The results for the 16S analysis were relatively similar: 99 consensus OTUs were > 97% identical to 16S sequences available in GenBank and for 89 of them, the morphological identification coincided with the name of the GenBank sequence, whereas the other ten OTUs showed discrepancies at the species level with the GenBank sequence, but remained concordant at higher taxonomic ranks.
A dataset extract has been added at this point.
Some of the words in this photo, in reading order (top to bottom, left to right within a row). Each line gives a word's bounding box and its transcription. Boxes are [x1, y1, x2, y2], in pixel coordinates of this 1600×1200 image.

Four singleton OTUs, identified as Stenopus scutellatus, Inachoides sp., Austinixa aidae and Speleophorus nodosus did not have sequences in 16S. The remaining 16S sequences (belonging to 37 OTUs) were > 97% similar to other sequences in GenBank; thus these were considered new additions.
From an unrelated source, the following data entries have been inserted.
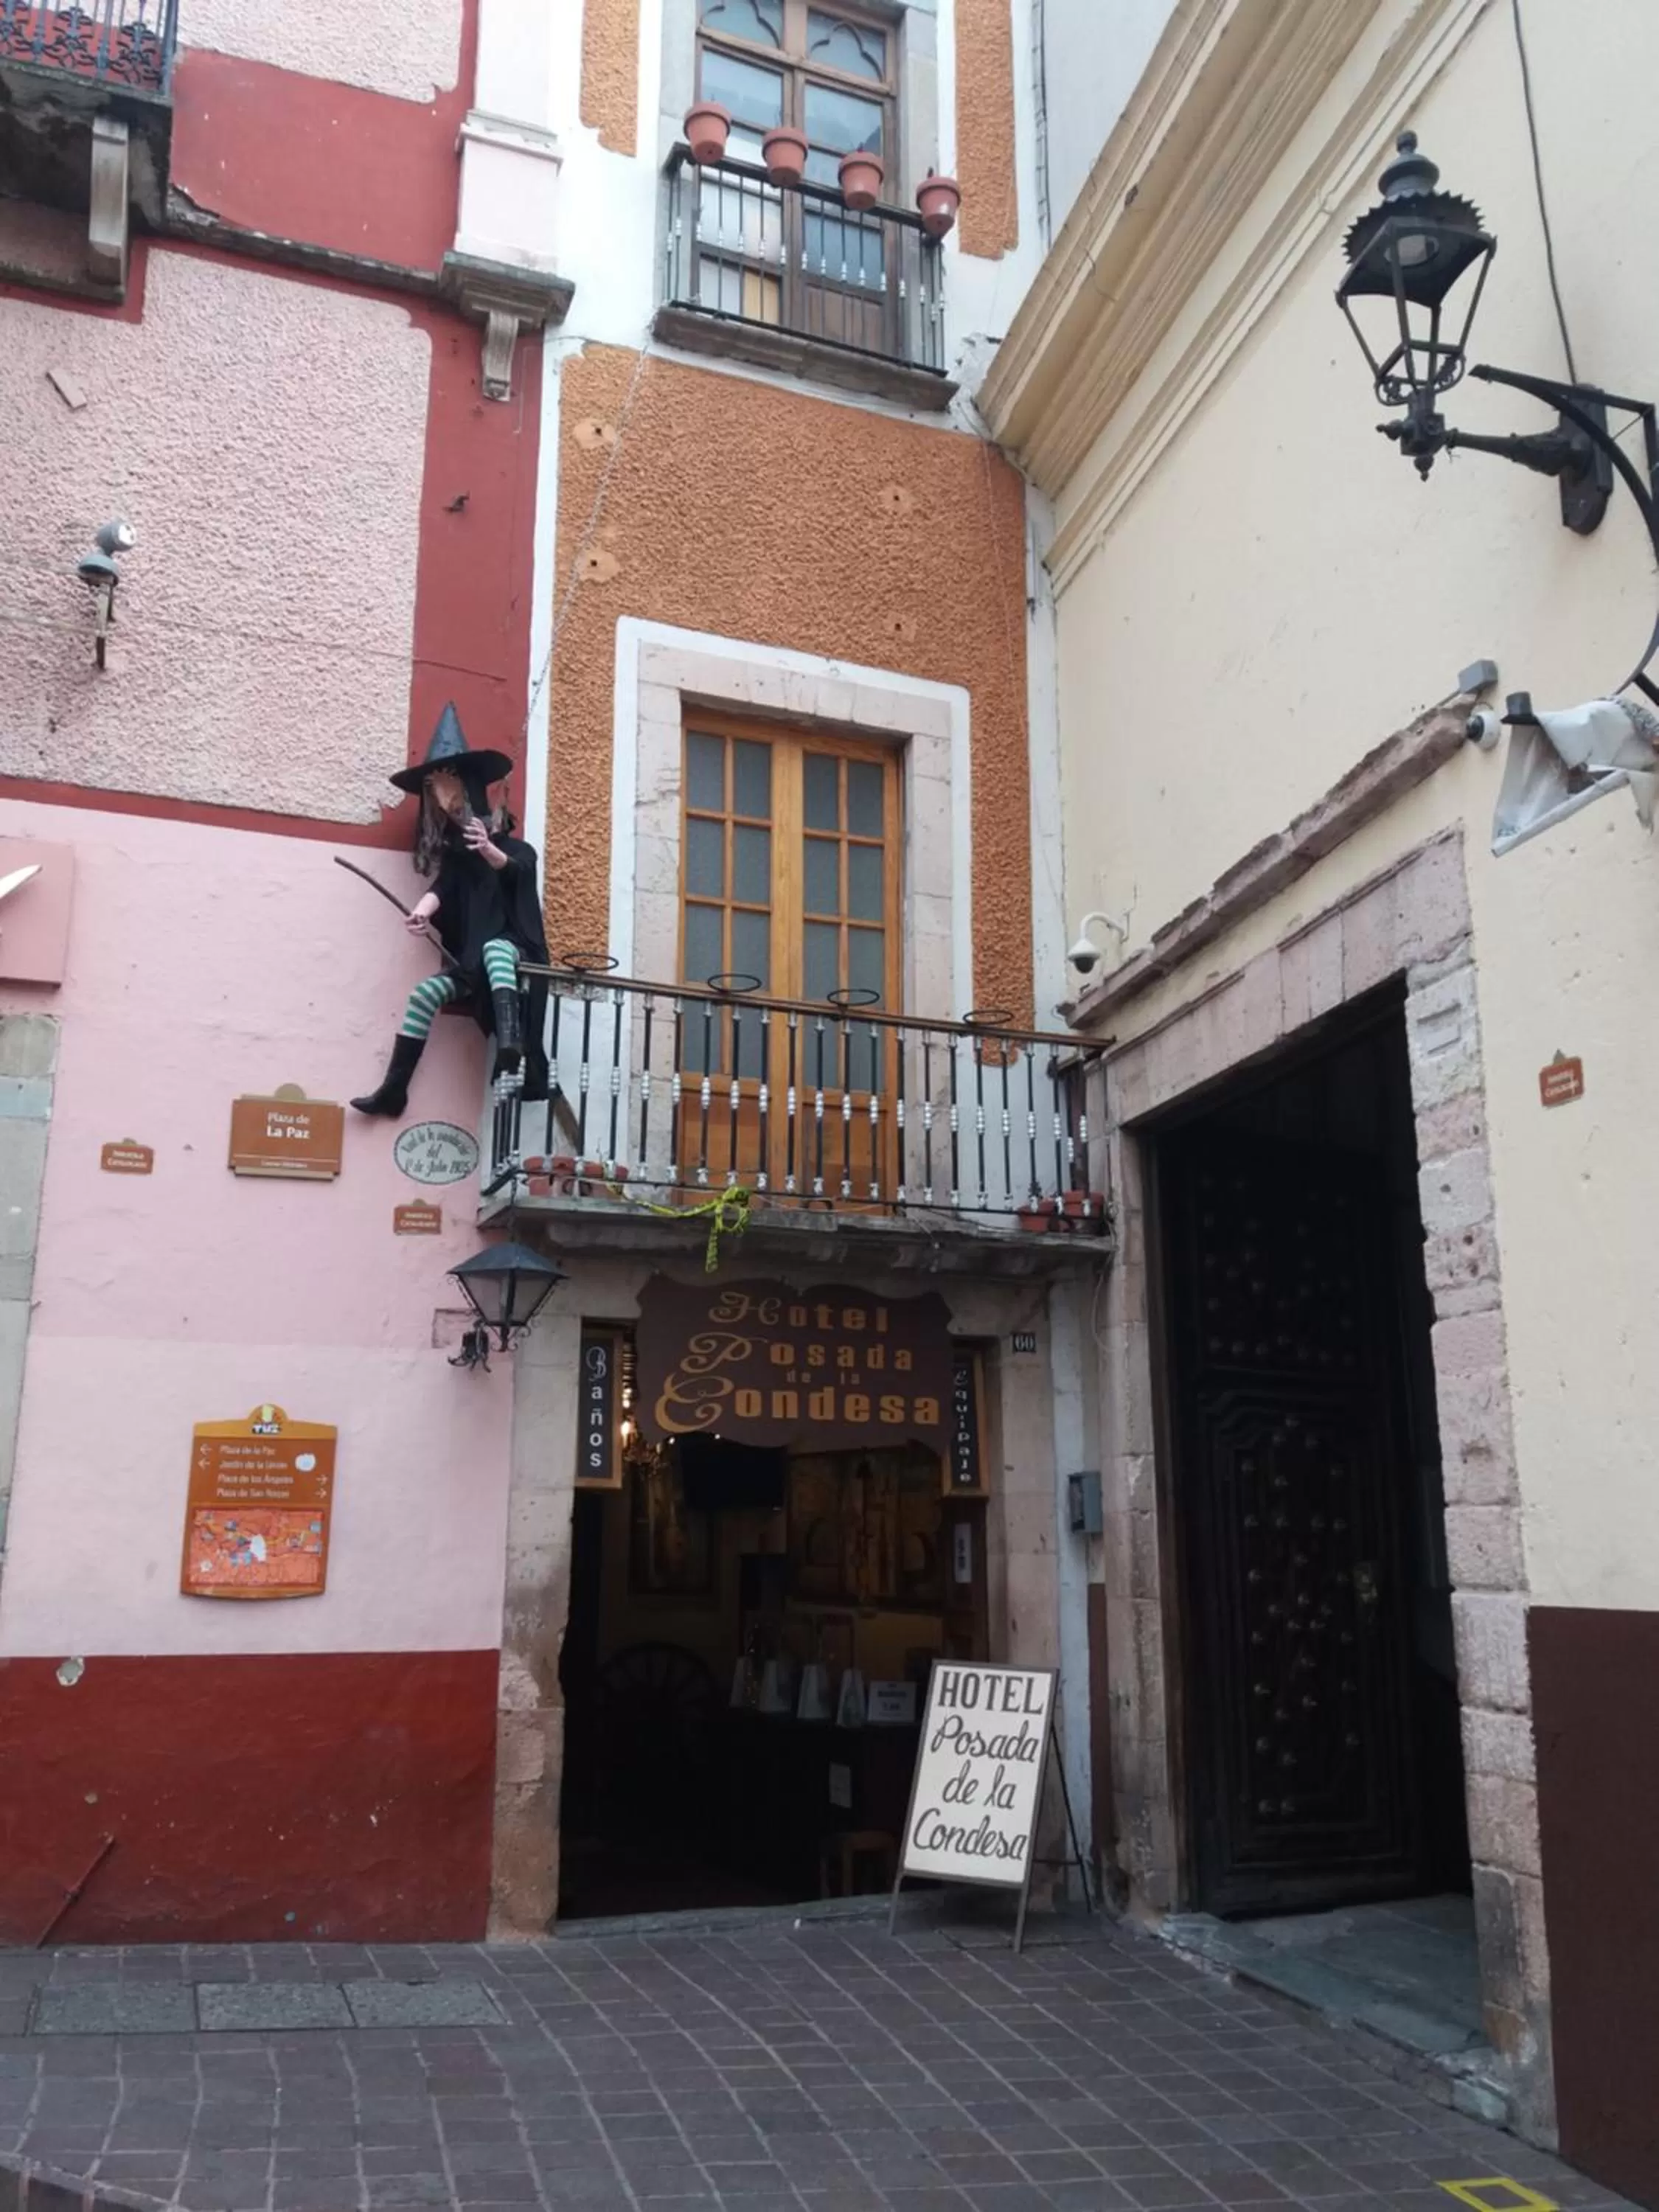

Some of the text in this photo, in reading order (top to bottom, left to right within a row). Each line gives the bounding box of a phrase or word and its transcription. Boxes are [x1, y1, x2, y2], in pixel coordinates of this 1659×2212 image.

[266, 1124, 310, 1139] La Paz
[268, 1112, 310, 1124] Plaza de
[709, 1291, 888, 1332] Hotel
[680, 1332, 912, 1374] Posada
[786, 1369, 860, 1385] de la
[586, 1346, 607, 1467] Baños
[655, 1373, 939, 1433] Condesa
[937, 1670, 1044, 1715] HOTEL
[931, 1714, 1039, 1764] Posada
[942, 1759, 1016, 1810] de la
[913, 1807, 1028, 1862] Condesa
Our dataset contributed 56 new BINs to BOLD and provided 38 new species for at least one marker in GenBank (Table 1). One hundred and thirty seven of our 140 OTUs are associated with only one morphospecies name. This coincides with our visual observations of the COI and 16S neighbour-joining trees, which showed that our morphospecies identifications are largely concordant with clusters of very similar sequences. These clusters differed from other such clusters by ~0.10 substitutions per site in COI and ~0.05 in 16S (Fig. 3). Such concordance between morphospecies and OTUs, and the magnitude of the observed interspecific divergence are similar to those reported by Costa et al. (2007) and Matzen da Silva et al. (2011). Nevertheless, there are several cases where animals could not be identified to species or in which a single species/species-complex name appeared in different OTUs. These included the following:

Figure 3.

Neighbour-Joining trees for cytochrome c oxidase subunit I (COI) and 16S ribosomal RNA (16S) from specimens identified in this study and GenBank as Tozeuma carolinense. The accession number is provided for the GenBank sequences. Likewise, reference numbers are provided for specimens deposited in the University of Louisiana at Lafayette (ULLZ#) and the Oxford University Museum of Natural History (OUMNH). The Jukes-Cantor distance between specimens is proportional to the length of the branches separating them, as indicated in the scale bars at the bottom-left.

aNeighbour-Joining tree for cytochrome c oxidase subunit I  
bNeighbour-Joining tree for 16S ribosomal RNA  

For Synalpheus spp., 42 individuals fell into eight OTUs. Seven OTUs matched GenBank sequences from in-depth studies of these taxa (Duffy et al. 2000, Morrison et al. 2004, Hultgren et al. 2014, Chak et al. 2017). These were S. hoetjesi, S. paraneptunus, S. yano, S. aff. longicarpus, S. elizabethae and S. cf. rathbunae. The final OTU did not match anything in GenBank (identity < 90% in both markers). Our failure to detect more than one additional species in this group suggests that it has been well-sampled in Bocas del Toro.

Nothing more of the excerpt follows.